Data items
= = = =

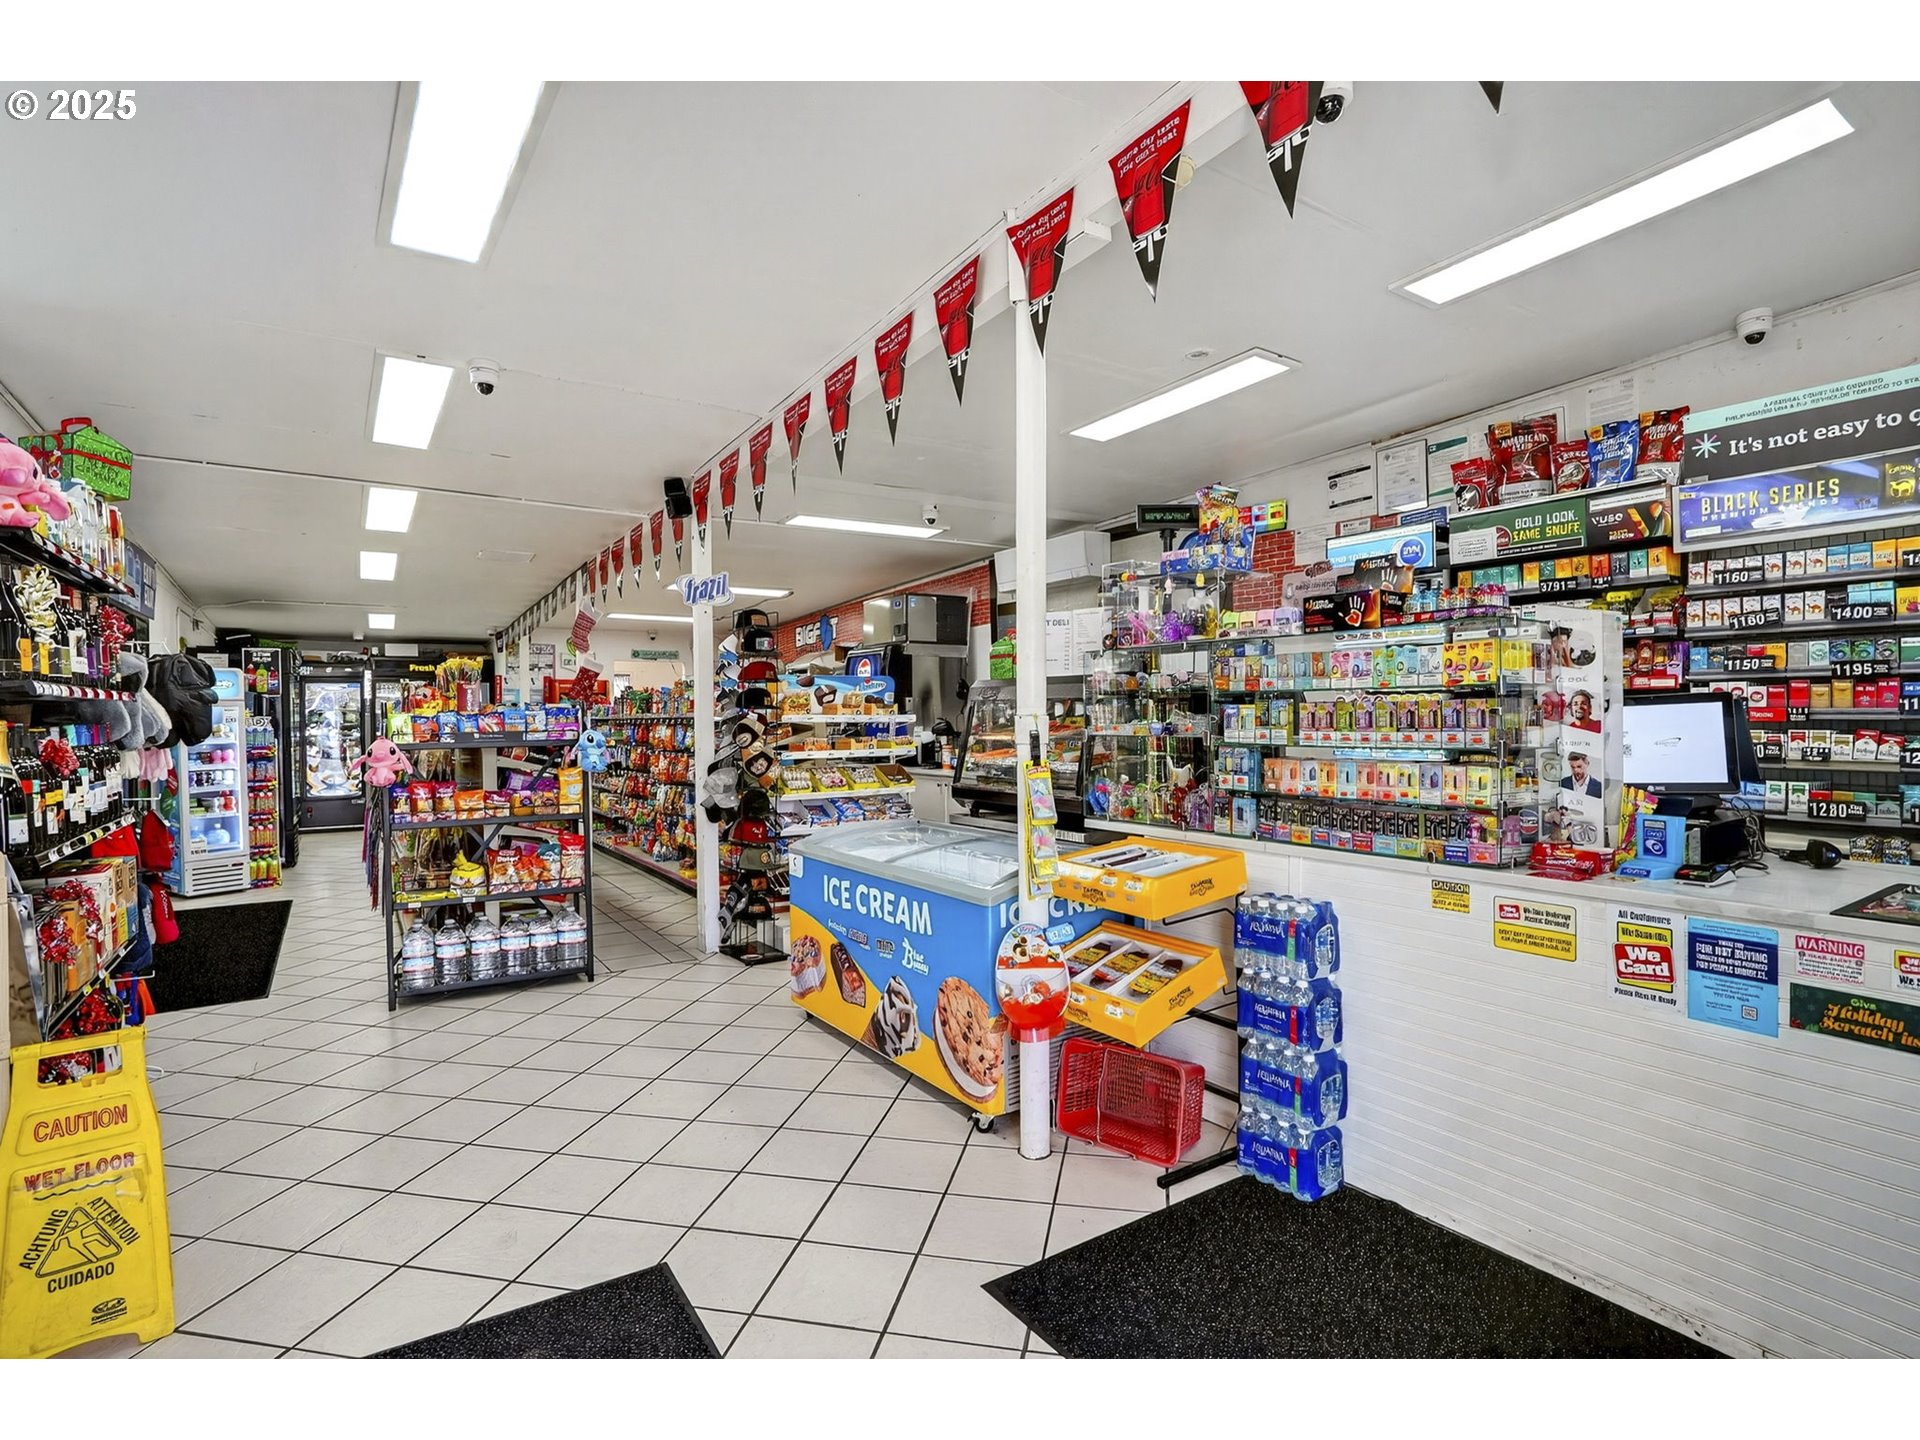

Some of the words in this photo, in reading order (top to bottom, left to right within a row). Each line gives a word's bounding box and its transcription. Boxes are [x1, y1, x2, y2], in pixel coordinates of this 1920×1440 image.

[1728, 436, 1763, 457] It's
[1768, 428, 1809, 450] not
[1813, 417, 1870, 438] easy
[1874, 411, 1903, 430] to
[1701, 489, 1760, 515] BLACK
[1769, 477, 1840, 505] SERIES
[1512, 528, 1541, 542] SAME
[1514, 515, 1542, 529] BOLD
[685, 573, 728, 604] frazil
[823, 874, 852, 910] ICE
[855, 884, 933, 936] CREAM
[1624, 946, 1661, 962] We
[1796, 936, 1864, 958] WARNING
[1618, 959, 1671, 977] Card
[1824, 1003, 1905, 1034] Holiday
[33, 1104, 128, 1143] CAUTION
[24, 1168, 63, 1192] WET
[74, 1152, 135, 1179] FLOOR
[87, 1197, 141, 1246] ATTENTION
[19, 1208, 69, 1271] ACHTUNG
[47, 1262, 115, 1293] CUIDADO

= = = =

• TASK STATEMENT: Print every entry above verbatim but drop the images.

• EXERCISE OUTPUT:
Some of the words in this photo, in reading order (top to bottom, left to right within a row). Each line gives a word's bounding box and its transcription. Boxes are [x1, y1, x2, y2], in pixel coordinates of this 1920×1440 image.

[1728, 436, 1763, 457] It's
[1768, 428, 1809, 450] not
[1813, 417, 1870, 438] easy
[1874, 411, 1903, 430] to
[1701, 489, 1760, 515] BLACK
[1769, 477, 1840, 505] SERIES
[1512, 528, 1541, 542] SAME
[1514, 515, 1542, 529] BOLD
[685, 573, 728, 604] frazil
[823, 874, 852, 910] ICE
[855, 884, 933, 936] CREAM
[1624, 946, 1661, 962] We
[1796, 936, 1864, 958] WARNING
[1618, 959, 1671, 977] Card
[1824, 1003, 1905, 1034] Holiday
[33, 1104, 128, 1143] CAUTION
[24, 1168, 63, 1192] WET
[74, 1152, 135, 1179] FLOOR
[87, 1197, 141, 1246] ATTENTION
[19, 1208, 69, 1271] ACHTUNG
[47, 1262, 115, 1293] CUIDADO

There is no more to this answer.